## SUPPLIED MATERIAL
- - - -

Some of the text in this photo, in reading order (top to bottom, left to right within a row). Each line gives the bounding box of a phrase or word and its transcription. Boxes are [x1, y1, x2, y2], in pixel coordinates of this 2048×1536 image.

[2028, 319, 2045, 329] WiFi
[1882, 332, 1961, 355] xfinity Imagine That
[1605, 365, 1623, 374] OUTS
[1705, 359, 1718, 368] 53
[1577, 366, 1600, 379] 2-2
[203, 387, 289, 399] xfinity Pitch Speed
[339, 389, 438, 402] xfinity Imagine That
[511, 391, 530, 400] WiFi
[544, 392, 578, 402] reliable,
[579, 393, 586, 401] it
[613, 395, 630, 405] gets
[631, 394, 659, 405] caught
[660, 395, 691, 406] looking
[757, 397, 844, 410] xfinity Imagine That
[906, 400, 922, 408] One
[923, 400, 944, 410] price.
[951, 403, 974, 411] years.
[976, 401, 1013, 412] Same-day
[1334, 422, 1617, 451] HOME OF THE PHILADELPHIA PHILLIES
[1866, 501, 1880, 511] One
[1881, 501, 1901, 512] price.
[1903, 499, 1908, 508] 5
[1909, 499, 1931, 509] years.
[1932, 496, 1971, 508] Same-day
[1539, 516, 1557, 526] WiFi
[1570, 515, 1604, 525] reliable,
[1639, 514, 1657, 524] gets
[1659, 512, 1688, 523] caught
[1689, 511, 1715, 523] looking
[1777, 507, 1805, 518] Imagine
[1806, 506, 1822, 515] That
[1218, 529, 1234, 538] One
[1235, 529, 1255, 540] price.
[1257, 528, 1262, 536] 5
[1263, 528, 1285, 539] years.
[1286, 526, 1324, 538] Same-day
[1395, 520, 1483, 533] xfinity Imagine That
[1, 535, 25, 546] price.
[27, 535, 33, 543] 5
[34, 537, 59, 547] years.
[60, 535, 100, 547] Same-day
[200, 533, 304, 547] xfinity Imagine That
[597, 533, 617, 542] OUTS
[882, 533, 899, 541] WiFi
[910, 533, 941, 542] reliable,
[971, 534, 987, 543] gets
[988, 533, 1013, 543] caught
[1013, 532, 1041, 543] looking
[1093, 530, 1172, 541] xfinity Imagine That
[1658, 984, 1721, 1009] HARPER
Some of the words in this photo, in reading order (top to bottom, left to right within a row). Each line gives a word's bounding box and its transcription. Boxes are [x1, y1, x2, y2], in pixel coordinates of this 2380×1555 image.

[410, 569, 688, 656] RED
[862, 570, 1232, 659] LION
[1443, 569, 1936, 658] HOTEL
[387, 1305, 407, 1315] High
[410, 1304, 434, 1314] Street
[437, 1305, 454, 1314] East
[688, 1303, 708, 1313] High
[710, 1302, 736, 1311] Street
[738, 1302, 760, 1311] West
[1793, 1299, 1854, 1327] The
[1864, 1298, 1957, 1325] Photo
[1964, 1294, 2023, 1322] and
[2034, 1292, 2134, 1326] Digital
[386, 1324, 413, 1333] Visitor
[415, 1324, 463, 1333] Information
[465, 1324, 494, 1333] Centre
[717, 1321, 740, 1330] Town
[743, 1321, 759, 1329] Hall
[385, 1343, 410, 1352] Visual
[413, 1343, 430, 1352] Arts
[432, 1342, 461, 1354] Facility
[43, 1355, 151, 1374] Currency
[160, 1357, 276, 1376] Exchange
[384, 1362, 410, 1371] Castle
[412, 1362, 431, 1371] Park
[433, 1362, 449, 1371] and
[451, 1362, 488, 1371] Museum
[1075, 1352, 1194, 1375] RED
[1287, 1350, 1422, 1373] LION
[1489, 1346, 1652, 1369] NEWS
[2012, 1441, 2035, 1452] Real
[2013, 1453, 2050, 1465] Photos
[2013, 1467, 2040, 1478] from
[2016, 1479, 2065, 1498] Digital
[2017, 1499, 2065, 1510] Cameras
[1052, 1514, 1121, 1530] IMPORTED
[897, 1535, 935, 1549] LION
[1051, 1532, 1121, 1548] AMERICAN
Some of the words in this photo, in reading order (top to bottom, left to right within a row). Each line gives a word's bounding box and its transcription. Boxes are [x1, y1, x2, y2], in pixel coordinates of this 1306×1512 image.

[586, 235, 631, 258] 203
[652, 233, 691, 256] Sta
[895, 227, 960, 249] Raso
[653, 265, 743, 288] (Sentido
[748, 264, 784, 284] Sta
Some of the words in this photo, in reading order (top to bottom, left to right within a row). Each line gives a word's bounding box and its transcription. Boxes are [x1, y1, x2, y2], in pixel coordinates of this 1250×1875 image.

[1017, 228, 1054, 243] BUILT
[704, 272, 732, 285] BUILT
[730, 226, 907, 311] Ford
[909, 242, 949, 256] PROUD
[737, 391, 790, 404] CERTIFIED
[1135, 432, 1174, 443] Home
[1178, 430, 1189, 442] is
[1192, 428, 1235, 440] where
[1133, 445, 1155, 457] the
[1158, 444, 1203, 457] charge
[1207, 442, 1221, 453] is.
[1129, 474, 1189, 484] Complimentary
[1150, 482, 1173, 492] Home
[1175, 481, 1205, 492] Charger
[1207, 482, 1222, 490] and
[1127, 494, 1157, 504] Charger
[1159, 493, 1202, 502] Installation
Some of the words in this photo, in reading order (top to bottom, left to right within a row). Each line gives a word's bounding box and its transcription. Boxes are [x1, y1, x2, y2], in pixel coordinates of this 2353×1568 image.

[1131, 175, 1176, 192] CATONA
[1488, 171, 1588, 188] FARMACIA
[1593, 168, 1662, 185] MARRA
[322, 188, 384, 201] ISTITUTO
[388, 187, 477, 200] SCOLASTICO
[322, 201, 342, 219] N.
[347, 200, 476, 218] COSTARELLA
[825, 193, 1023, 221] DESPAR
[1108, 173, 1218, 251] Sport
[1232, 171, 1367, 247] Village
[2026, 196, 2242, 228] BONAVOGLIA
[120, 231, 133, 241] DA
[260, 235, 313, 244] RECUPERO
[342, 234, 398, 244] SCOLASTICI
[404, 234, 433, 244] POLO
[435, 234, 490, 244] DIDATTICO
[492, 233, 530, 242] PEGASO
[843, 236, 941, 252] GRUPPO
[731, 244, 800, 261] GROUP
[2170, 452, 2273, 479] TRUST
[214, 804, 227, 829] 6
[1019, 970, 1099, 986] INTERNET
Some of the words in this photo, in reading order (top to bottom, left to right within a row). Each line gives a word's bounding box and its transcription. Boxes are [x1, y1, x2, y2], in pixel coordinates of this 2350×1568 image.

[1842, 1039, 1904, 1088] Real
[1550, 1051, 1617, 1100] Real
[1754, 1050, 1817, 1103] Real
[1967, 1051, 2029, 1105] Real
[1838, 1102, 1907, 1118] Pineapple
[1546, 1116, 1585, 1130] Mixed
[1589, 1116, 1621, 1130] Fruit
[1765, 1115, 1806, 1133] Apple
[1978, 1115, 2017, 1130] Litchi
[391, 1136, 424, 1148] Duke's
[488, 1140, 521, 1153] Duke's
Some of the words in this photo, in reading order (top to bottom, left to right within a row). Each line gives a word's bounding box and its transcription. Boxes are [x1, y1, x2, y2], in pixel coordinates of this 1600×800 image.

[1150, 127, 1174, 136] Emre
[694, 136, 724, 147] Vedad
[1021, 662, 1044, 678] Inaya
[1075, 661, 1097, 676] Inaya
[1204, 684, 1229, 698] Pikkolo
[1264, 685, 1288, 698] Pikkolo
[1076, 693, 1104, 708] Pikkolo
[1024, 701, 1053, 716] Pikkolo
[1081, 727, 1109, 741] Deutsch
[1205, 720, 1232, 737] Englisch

- - - -

## EXERCISE OBJECTIVE
Set down only the lines running from the line with "this 1600×800 image." to the end of the entries above, both included, exactly as they stand.

## RESPONSE
Some of the words in this photo, in reading order (top to bottom, left to right within a row). Each line gives a word's bounding box and its transcription. Boxes are [x1, y1, x2, y2], in pixel coordinates of this 1600×800 image.

[1150, 127, 1174, 136] Emre
[694, 136, 724, 147] Vedad
[1021, 662, 1044, 678] Inaya
[1075, 661, 1097, 676] Inaya
[1204, 684, 1229, 698] Pikkolo
[1264, 685, 1288, 698] Pikkolo
[1076, 693, 1104, 708] Pikkolo
[1024, 701, 1053, 716] Pikkolo
[1081, 727, 1109, 741] Deutsch
[1205, 720, 1232, 737] Englisch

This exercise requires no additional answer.